M.M.: I very occasionally will get some pork chops at the butcher. When I go to the butcher shop. I don't really like to buy meat at the grocery store, because A) the thought of the conditions those animals were raised in skeeves me out, and B) it's inferior in every way to the meat we have. We bought a pig for slaughter in October of '07. We'll be doing that again this coming fall. Until then, not much pork, no. I miss pork, too.

Melissa (a.k.a bigskygirls): I know, right? The comments are usually the best part of the posts. Even my own mother says she always waits to read until a bunch of people have commented, because she likes the comments so much.
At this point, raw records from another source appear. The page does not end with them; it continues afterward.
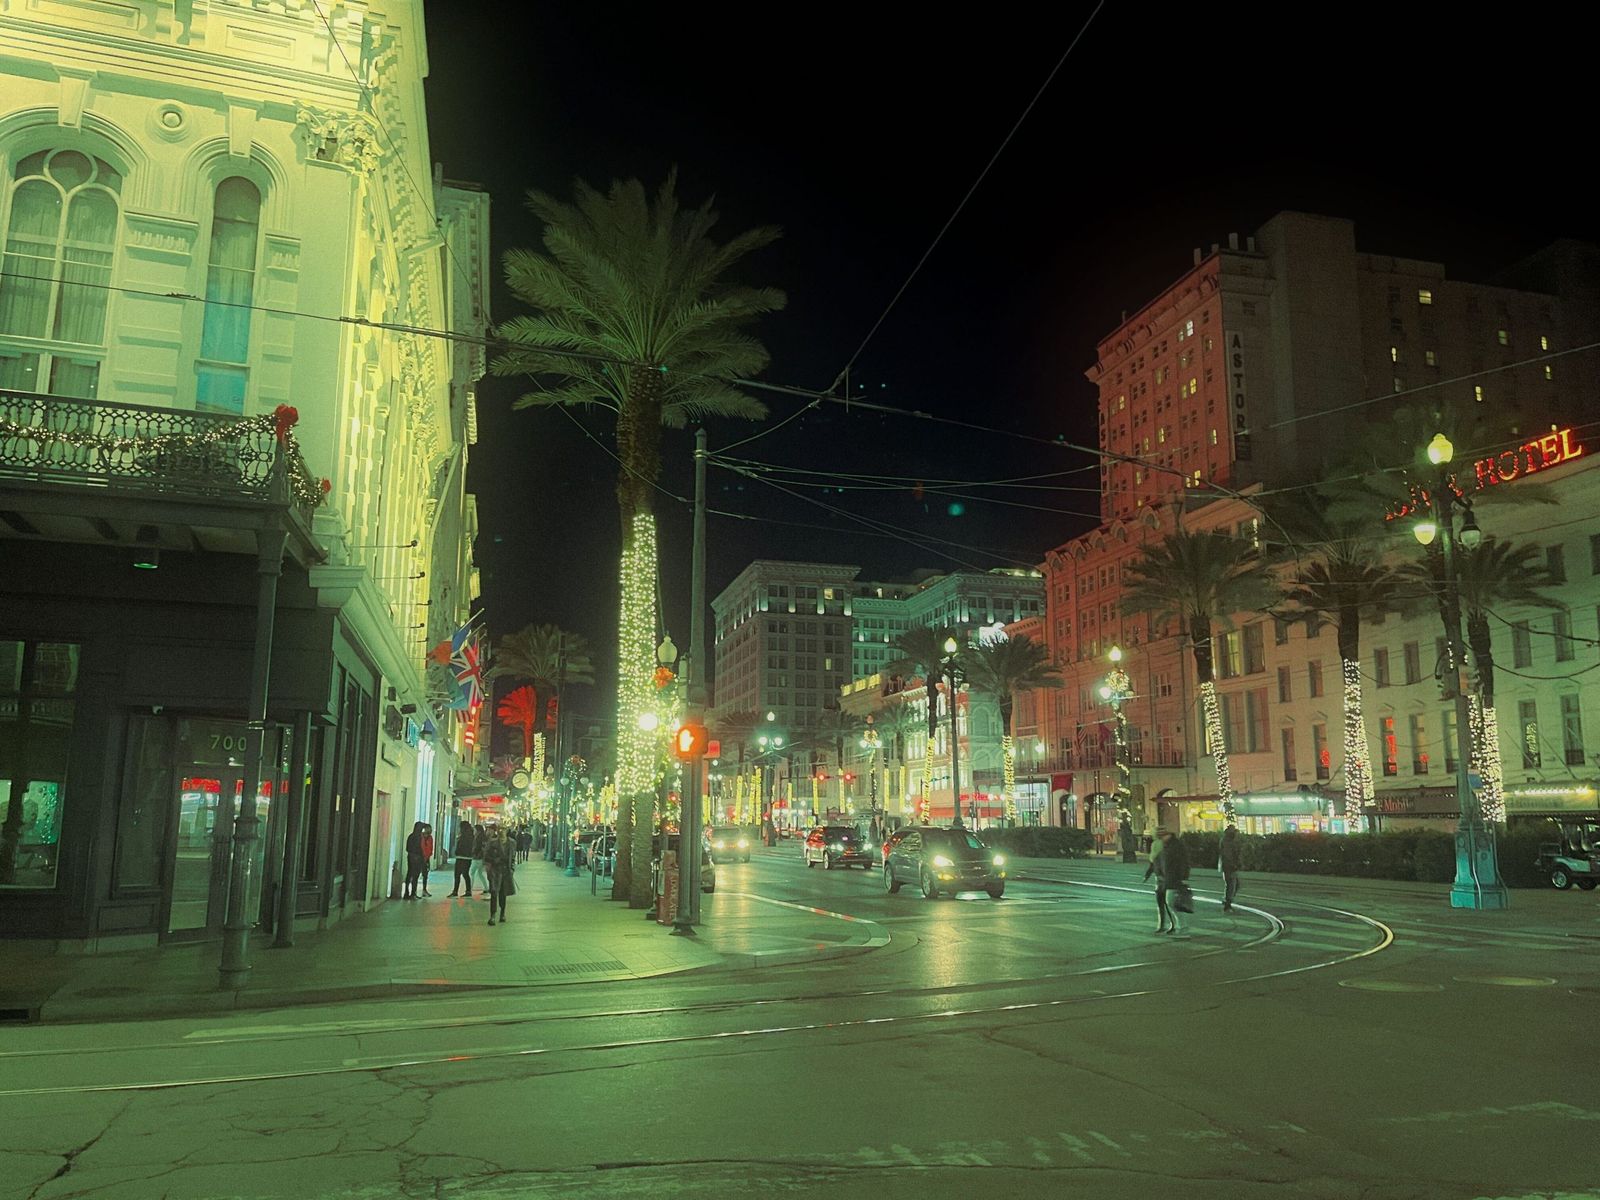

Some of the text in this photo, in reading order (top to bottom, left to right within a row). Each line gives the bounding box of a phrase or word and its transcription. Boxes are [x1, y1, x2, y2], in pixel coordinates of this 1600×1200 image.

[1232, 333, 1246, 429] ASTOR
[1474, 427, 1583, 491] HOTEL
[210, 734, 247, 752] 700
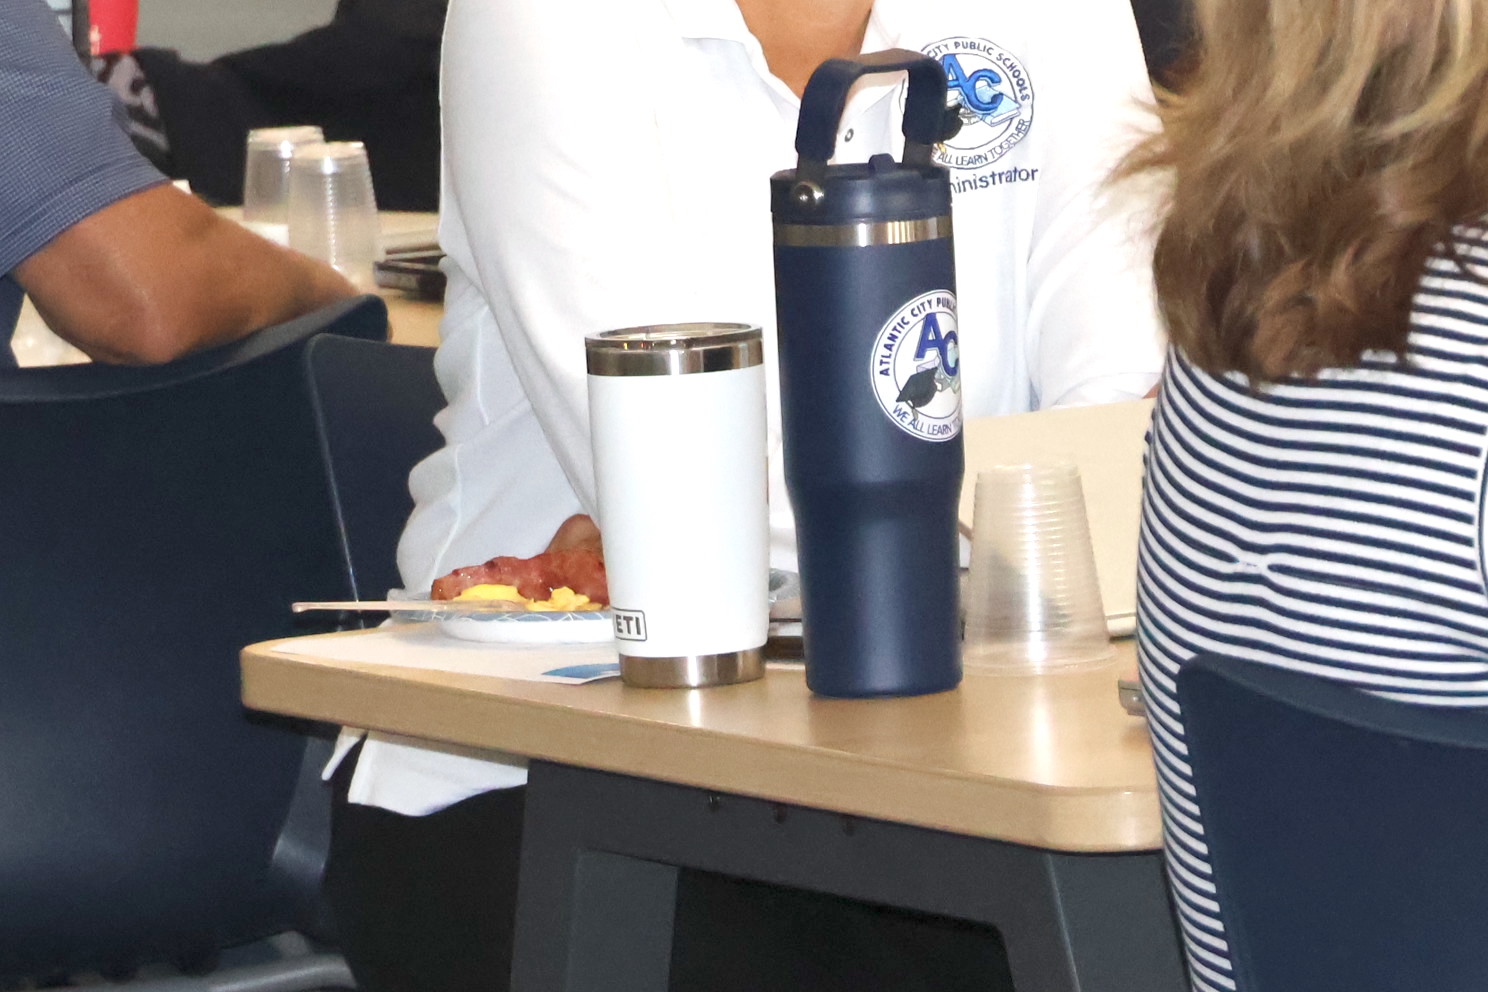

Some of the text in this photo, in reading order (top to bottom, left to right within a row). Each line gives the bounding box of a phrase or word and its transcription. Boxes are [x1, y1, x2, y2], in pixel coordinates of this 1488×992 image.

[954, 41, 994, 56] PUBLIC
[996, 52, 1030, 102] SCHOOLS
[956, 152, 988, 167] LEARN
[989, 118, 1030, 159] TOGETHER
[879, 316, 910, 377] ATLANTIC
[911, 298, 933, 317] CITY
[893, 404, 910, 423] WE
[908, 418, 925, 433] ALL
[927, 423, 952, 436] LEARN
[616, 614, 641, 636] ETI
Julie: No, but I do. The chickens actually get more aggressive and crazed, running around and flapping a lot. We're all getting a little bit of cabin fever, I think.

Anonymous said...

Try using Lansinoh cream on your finger webs, and go to bed with medical gloves on (oh, fun) to let it really soak in. Lansinoh is in the ... well, baby section... as it's made for well... cracked nipples... but it's the bomb for everything, especially lips. And it comes from sheep! So wait, shoot. Maybe it is just sheep tallow. Is that any better than bear tallow? Owwwwww on your owies - heal quickly!
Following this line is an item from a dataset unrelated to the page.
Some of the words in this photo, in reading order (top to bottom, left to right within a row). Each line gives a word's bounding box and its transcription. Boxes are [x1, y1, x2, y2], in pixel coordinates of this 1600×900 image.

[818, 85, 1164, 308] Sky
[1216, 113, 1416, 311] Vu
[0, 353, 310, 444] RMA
Kristin @ Going Country said...

Midwife: I bet that stuff is made from lanolin. Lanolin is the oil sheep produce in their wool. It basically makes them waterproof, and it is, indeed, a fantastic moisturizer. I should just go out every day and run my hands through the sheep's wool. Except that would be gross, because they're really dirty.

Anonymous said...

I love the list! We got a couple more inches of snow last night, so you're probably getting it today. That should send the chickens right over the edge.

Anonymous said...

Kristin, or, when you shear your sheep, you could boil some wool, and then extract the umm, sterile, lanolin. But that's kind of gross too. Try the nipple stuff! And seriously, even if you stick w/ your present moisturizing routine, sleep with them gloves on occasion - the difference is hugs. And, wow: so sexy too. ;)

Anonymous said...

Well, the sexy medical gloves may lead to hugs, but I meant the difference is _huge_

Phoo-D said...

Isn't roast chicken great! I agree with the glove comments - though I've found that clean cotton gardening gloves are far better than latex medical ones. My hands feel like they are suffocating in the latex. Cotton gloves can then be washed when they get nappy and re-used. I'm about to go put some on right now. This weather is making my hands crack and bleed. Ugh.

Anonymous said...

Prime rib is the norm? You poor thing. :)

The Management said...

And here was me, complaining all the while yesterday that the EVIL onions from the grocery store (I bought 8lbs and ended up tossing at least 3) and missing my farmers market.

Anonymous said...

Oh no! Oh your poor booboos! Awwwwww, that sucks POOR YOU.

*sniff sniff*

I hope you feel better really soon. Big toe=heal quick! Toot sweet!